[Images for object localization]
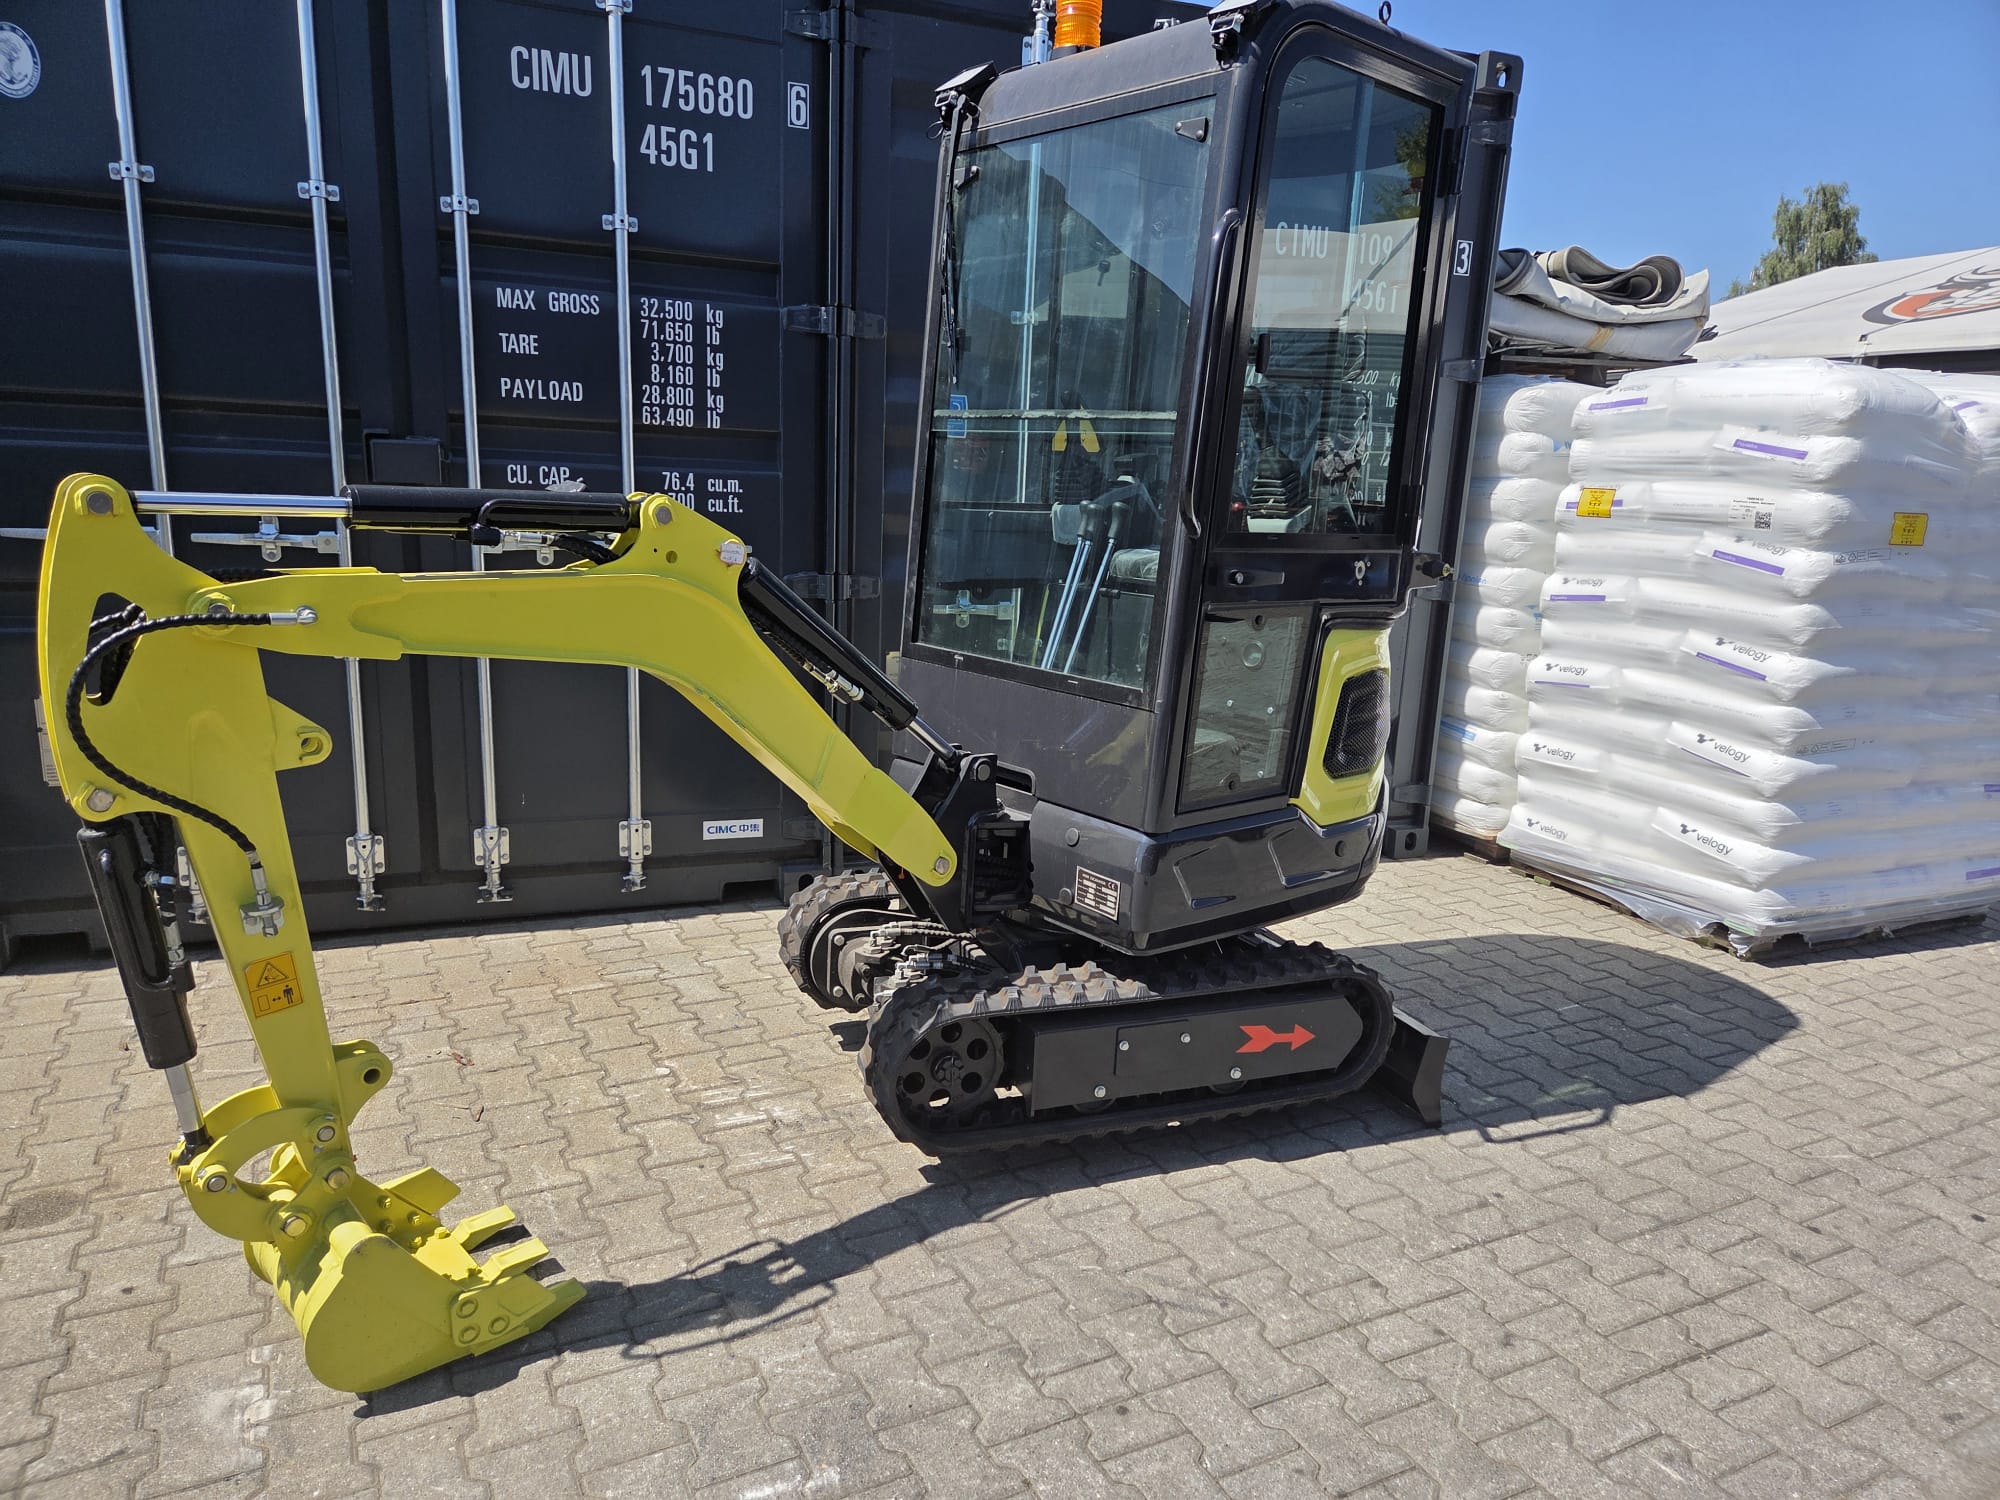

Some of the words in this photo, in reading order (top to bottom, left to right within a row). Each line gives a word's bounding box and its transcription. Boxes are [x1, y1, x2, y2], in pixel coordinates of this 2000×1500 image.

[510, 45, 592, 96] CIMU
[640, 64, 753, 120] 175680
[790, 85, 807, 126] 6
[639, 124, 714, 172] 45G1
[1275, 221, 1329, 260] CIMU
[1457, 242, 1470, 274] 3
[496, 287, 536, 311] MAX
[548, 291, 600, 316] GROSS
[640, 297, 693, 321] 32,500
[706, 303, 723, 329] kg
[1351, 278, 1399, 314] 45G1
[640, 319, 693, 343] 71,650
[706, 325, 720, 345] lb
[499, 332, 539, 355] TARE
[651, 342, 694, 364] 3,700
[706, 346, 724, 371] kg
[651, 363, 694, 385] 8,160
[707, 367, 720, 388] lb
[501, 377, 584, 402] PAYLOAD
[642, 384, 694, 406] 28,800
[707, 388, 724, 413] kg
[642, 406, 694, 428] 63,490
[707, 410, 720, 429] lb
[507, 463, 533, 485] CU.
[661, 471, 695, 491] 76.4
[707, 478, 744, 493] cu.m.
[707, 494, 744, 513] cu.ft.
[1733, 644, 1772, 663] velogy
[1559, 665, 1589, 676] velogy
[1546, 745, 1577, 761] velogy
[1713, 740, 1751, 764] velogy
[706, 824, 737, 835] CIMC
[1539, 823, 1569, 841] velogy
[1696, 831, 1734, 856] velogy

TASK TO CARRY OUT: Pictures do not go in the copy; print every entry exactly as it stands.

EXPECTED ANSWER:
Some of the words in this photo, in reading order (top to bottom, left to right within a row). Each line gives a word's bounding box and its transcription. Boxes are [x1, y1, x2, y2], in pixel coordinates of this 2000×1500 image.

[510, 45, 592, 96] CIMU
[640, 64, 753, 120] 175680
[790, 85, 807, 126] 6
[639, 124, 714, 172] 45G1
[1275, 221, 1329, 260] CIMU
[1457, 242, 1470, 274] 3
[496, 287, 536, 311] MAX
[548, 291, 600, 316] GROSS
[640, 297, 693, 321] 32,500
[706, 303, 723, 329] kg
[1351, 278, 1399, 314] 45G1
[640, 319, 693, 343] 71,650
[706, 325, 720, 345] lb
[499, 332, 539, 355] TARE
[651, 342, 694, 364] 3,700
[706, 346, 724, 371] kg
[651, 363, 694, 385] 8,160
[707, 367, 720, 388] lb
[501, 377, 584, 402] PAYLOAD
[642, 384, 694, 406] 28,800
[707, 388, 724, 413] kg
[642, 406, 694, 428] 63,490
[707, 410, 720, 429] lb
[507, 463, 533, 485] CU.
[661, 471, 695, 491] 76.4
[707, 478, 744, 493] cu.m.
[707, 494, 744, 513] cu.ft.
[1733, 644, 1772, 663] velogy
[1559, 665, 1589, 676] velogy
[1546, 745, 1577, 761] velogy
[1713, 740, 1751, 764] velogy
[706, 824, 737, 835] CIMC
[1539, 823, 1569, 841] velogy
[1696, 831, 1734, 856] velogy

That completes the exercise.